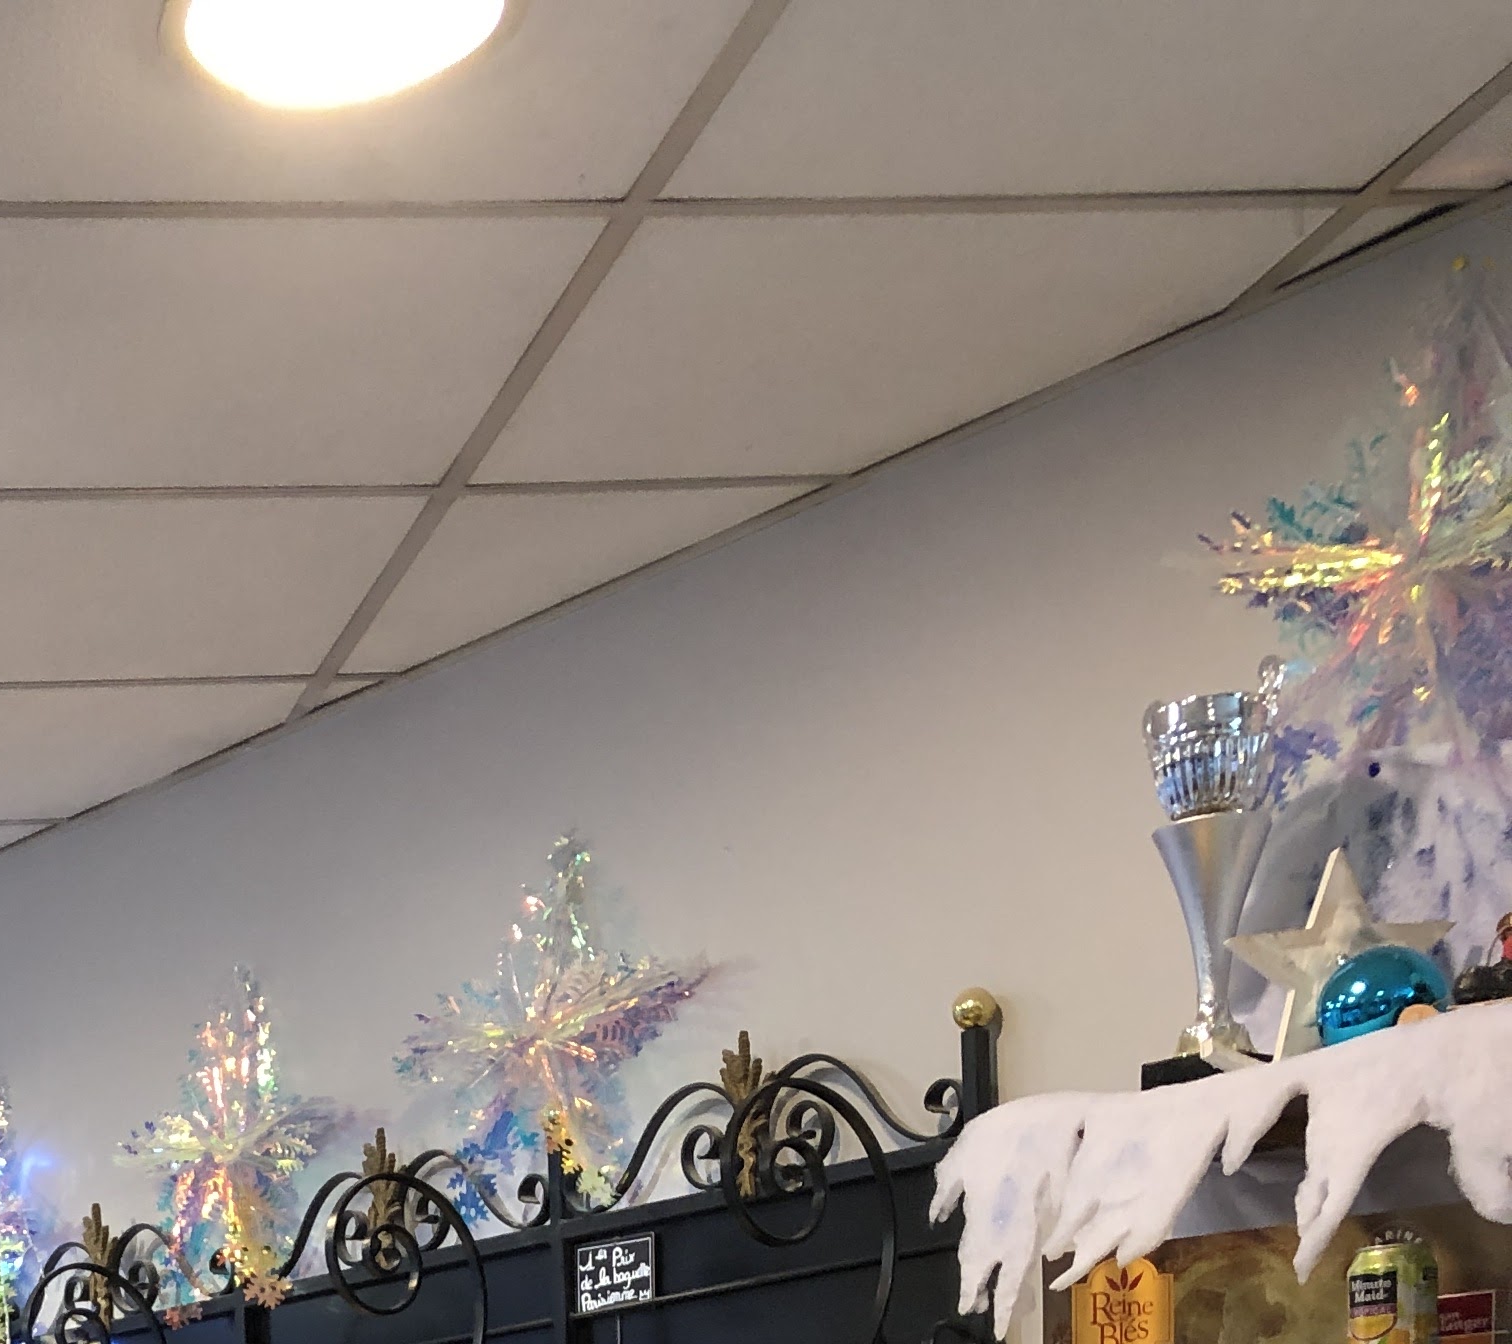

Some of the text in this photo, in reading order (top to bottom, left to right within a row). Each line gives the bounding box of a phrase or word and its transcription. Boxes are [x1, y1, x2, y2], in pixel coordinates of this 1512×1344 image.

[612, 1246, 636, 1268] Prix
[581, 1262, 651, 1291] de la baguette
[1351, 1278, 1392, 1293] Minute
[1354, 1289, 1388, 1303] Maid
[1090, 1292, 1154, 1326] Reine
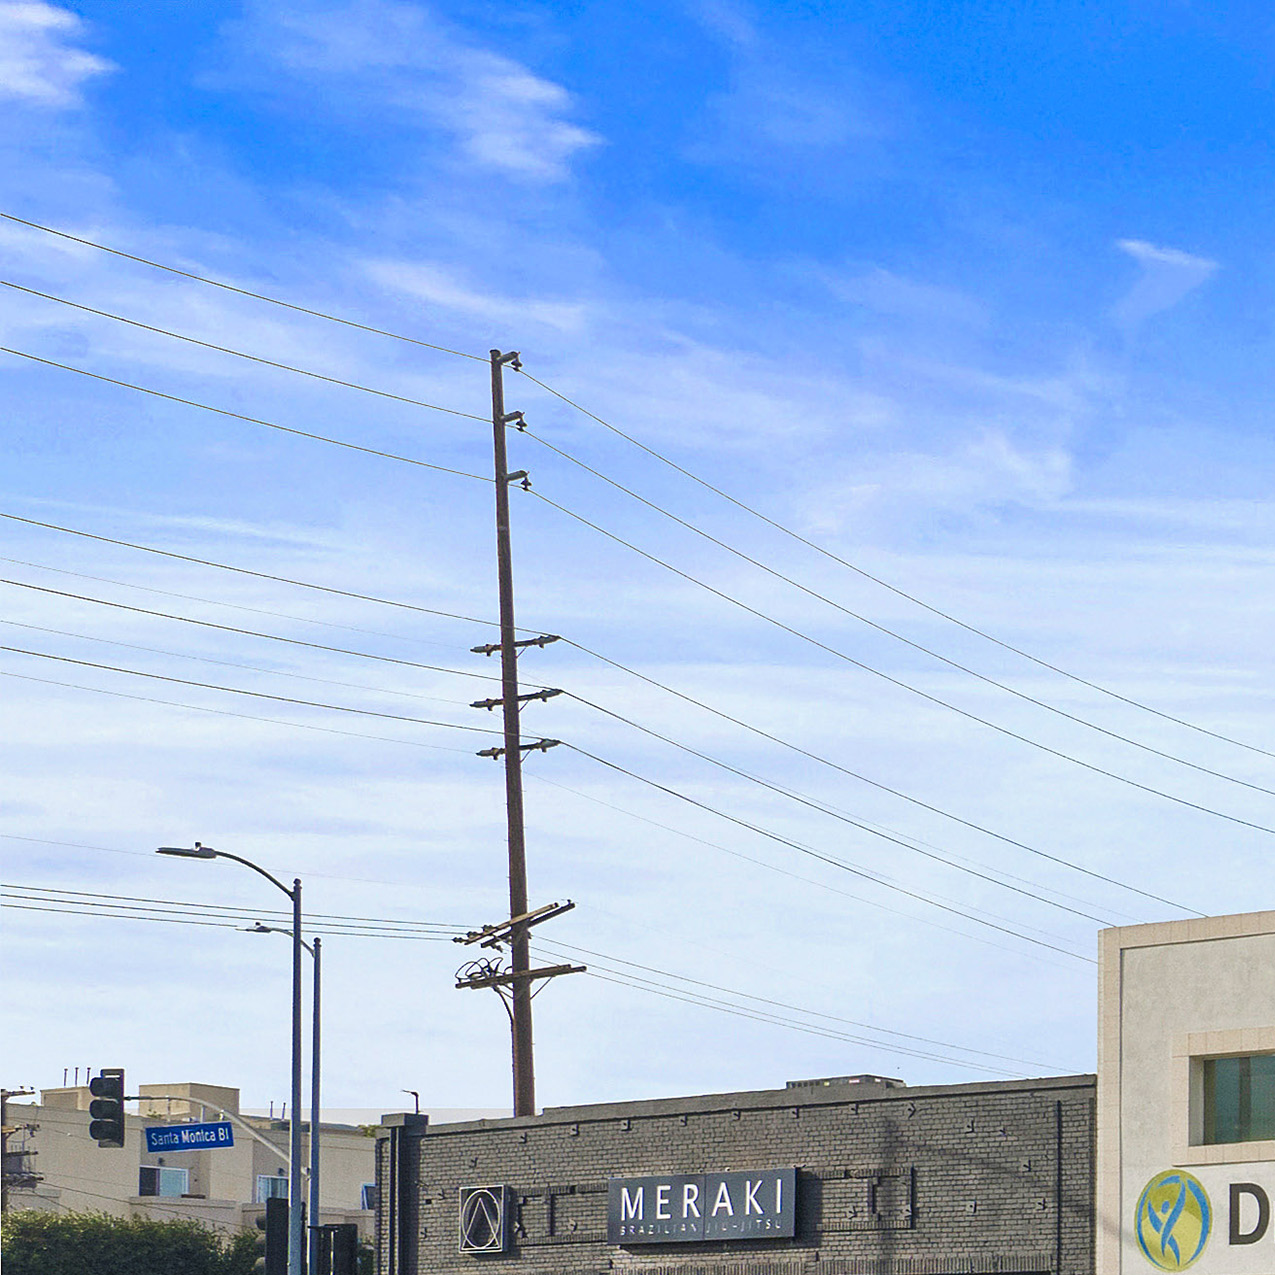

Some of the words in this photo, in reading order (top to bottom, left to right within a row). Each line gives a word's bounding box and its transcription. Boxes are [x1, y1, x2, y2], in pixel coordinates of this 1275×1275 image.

************

WHAT NEEDS TO BE DONE
Return the complete data unchanged and include none of the pictures.

EXERCISE RESULT
Some of the text in this photo, in reading order (top to bottom, left to right within a row). Each line gives the bounding box of a phrase or word and its transcription. Boxes are [x1, y1, x2, y2], in pixel coordinates of this 1512×1344 image.

[612, 1246, 636, 1268] Prix
[581, 1262, 651, 1291] de la baguette
[1351, 1278, 1392, 1293] Minute
[1354, 1289, 1388, 1303] Maid
[1090, 1292, 1154, 1326] Reine

Some of the words in this photo, in reading order (top to bottom, left to right within a row). Each line gives a word's bounding box and its transcription. Boxes are [x1, y1, x2, y2], in pixel coordinates of this 1275×1275 image.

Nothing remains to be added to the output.